Advanced testing and modeling of magnetic materials including a new method of core loss separation for electrical machines

This paper presents a new method for the separation of core loss components (hysteresis and eddy current) in laminations exposed to high-frequency excitations. Accurate separation of core losses is achieved by calculating the hysteresis losses at each frequency taking into account the nonuniform flux distribution inside the lamination. The results highlight that the assumption of constant hysteresis energy loss per cycle is only valid at low frequencies, where skin effect is negligible. The developed model is then used to study the effect of the annealing process on core loss components in laminations exposed to high-frequency excitations. Core loss measurements are performed on different laminations at several frequencies in the range of 20-4000 Hz. A comparison of the separated core loss components shows that a huge reduction in the hysteresis losses is achieved by annealing, while the annealing process increases the eddy-current loss component at high frequencies and high flux densities. The results are then analyzed by comparing the separated eddy-current loss with an analytical eddy-current loss model that accounts for the nonuniform distribution of the magnetic field.

The Effect of Two- and Three-Level Inverters on the Core Loss of a Synchronous Reluctance Machine (SynRM)

The paper shows the reduction of core losses by using a three-level inverter over a two-level inverter for the same dc-bus voltage and switching frequency. A synchronous reluctance machine stator-core toroid was used in the analysis. Hence, the analysis is realistic as it accounts for mechanical effects through the stator core, and the distorted supply of the line-to-line inverter voltage supplies. The paper also shows the limitations of using finite element-derived excitation; hence, the toroid was directly supplied by the inverter. The reduction of core losses by use of a three-level inverter is significant at very high flux densities and frequencies; approximately 60% lower core losses. Therefore, it can reduce the cooling burden especially in the hard to cool teeth, increase the service life, and allow increased output. The latter is because the output of the three-level fundamental voltage is higher for the same dc-bus and switching frequency at lower machine losses.

Design of variable flux permanent magnet machine for reduced inverter rating

This paper presents a design procedure for tangentially magnetized variable flux machines that aims to reduce the machine inverter rating.
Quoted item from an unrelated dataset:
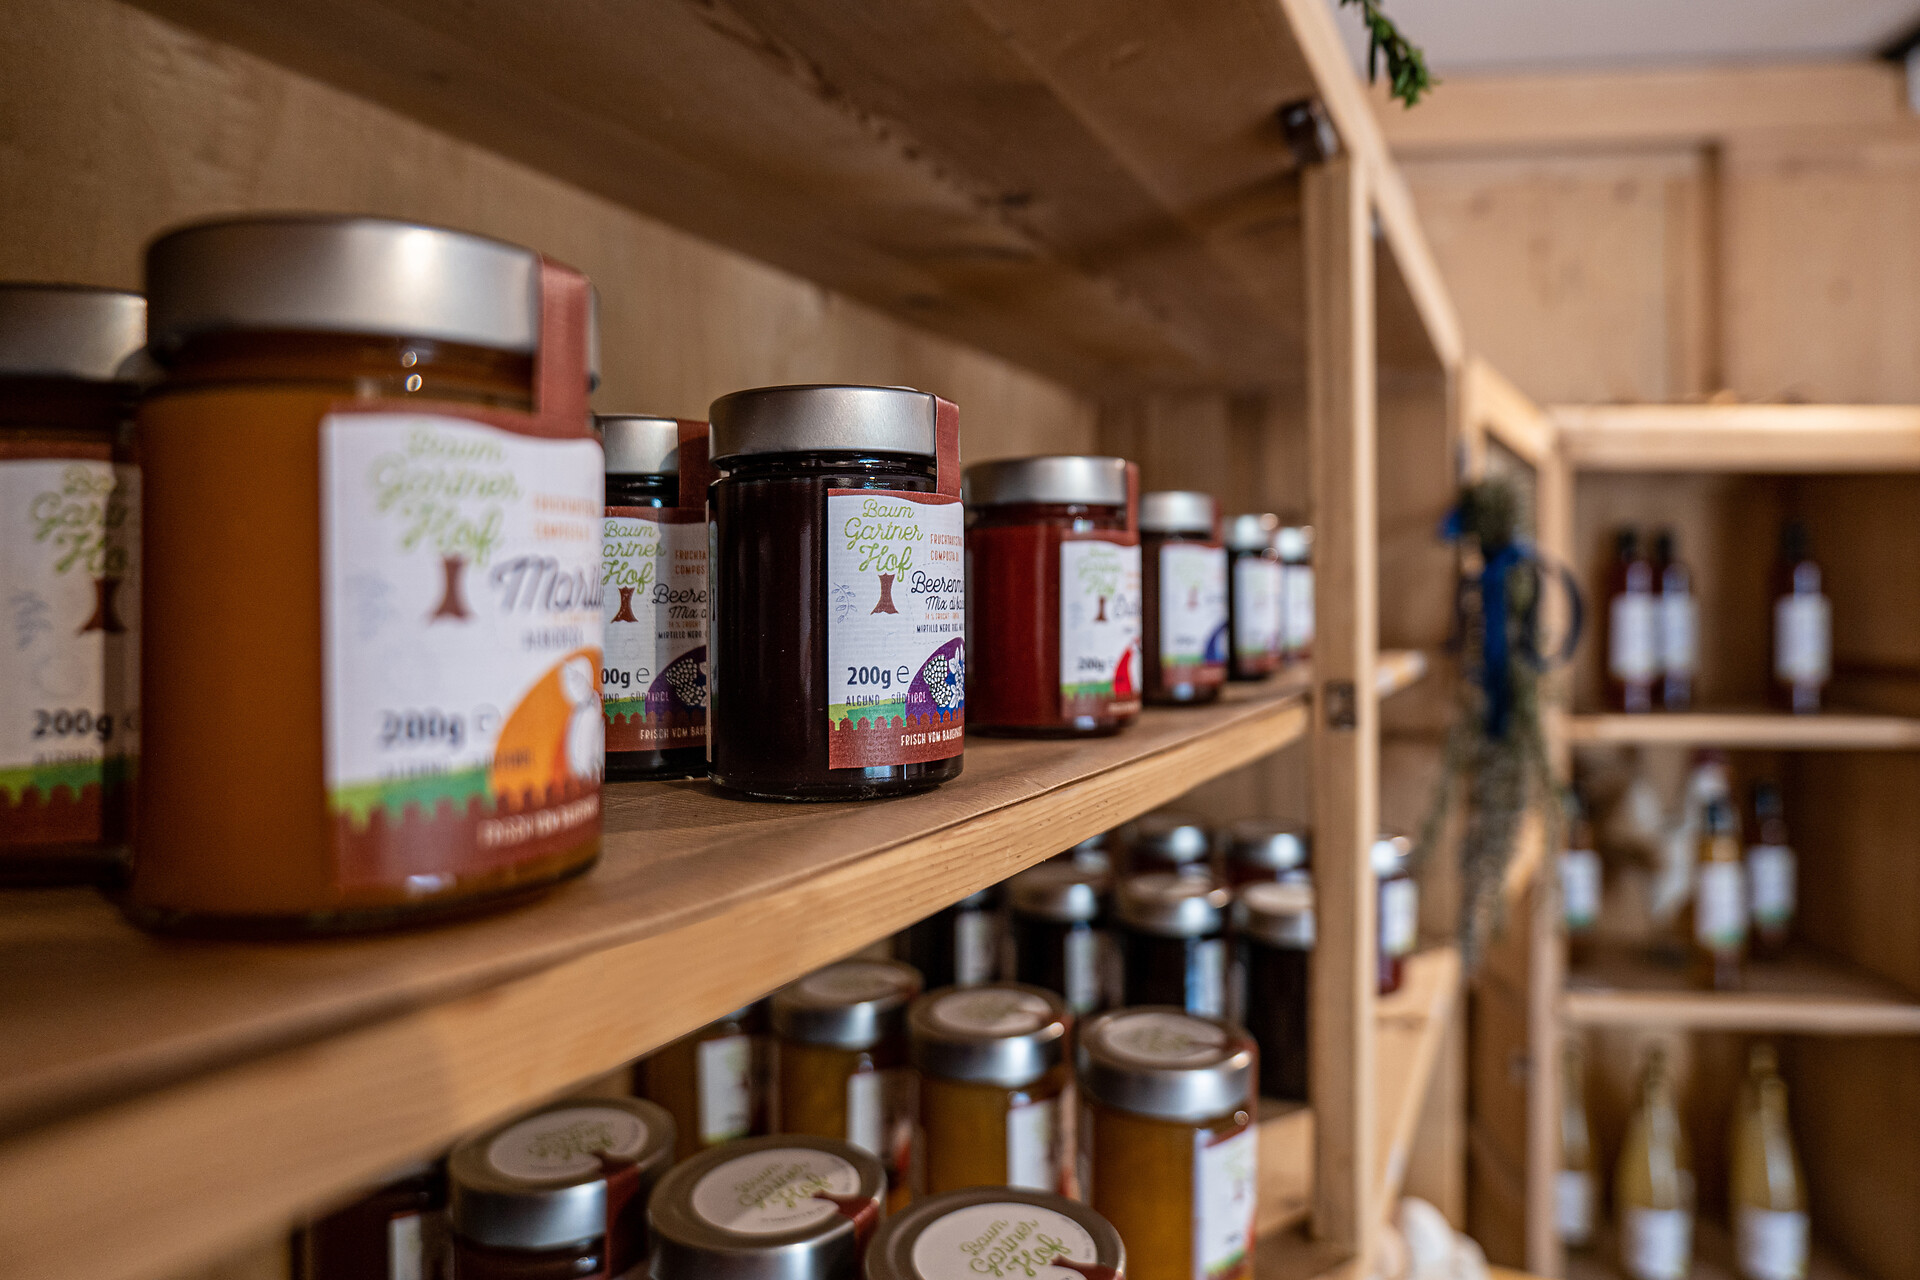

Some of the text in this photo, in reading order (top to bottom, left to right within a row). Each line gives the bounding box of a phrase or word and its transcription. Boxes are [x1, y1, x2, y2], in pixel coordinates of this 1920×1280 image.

The proposed design can achieve high torque density at low speeds, and high efficiency at an extended speed range, as armature d-axis current pulses are applied at high speeds to reduce the magnet flux. In order to regain the full torque capability when the motor slows down, a magnetizing current pulse has to be applied. The amplitude of the magnetizing current is usually larger than the machine rated current. Therefore, the machine may require an oversized inverter in order to be able to remagnetize the magnets. The impact of different machine design parameters on the magnetization current requirement is investigated in order to reduce the inverter cost. The proposed machine design procedure is validated by experimental measurements on a variable flux machine prototype.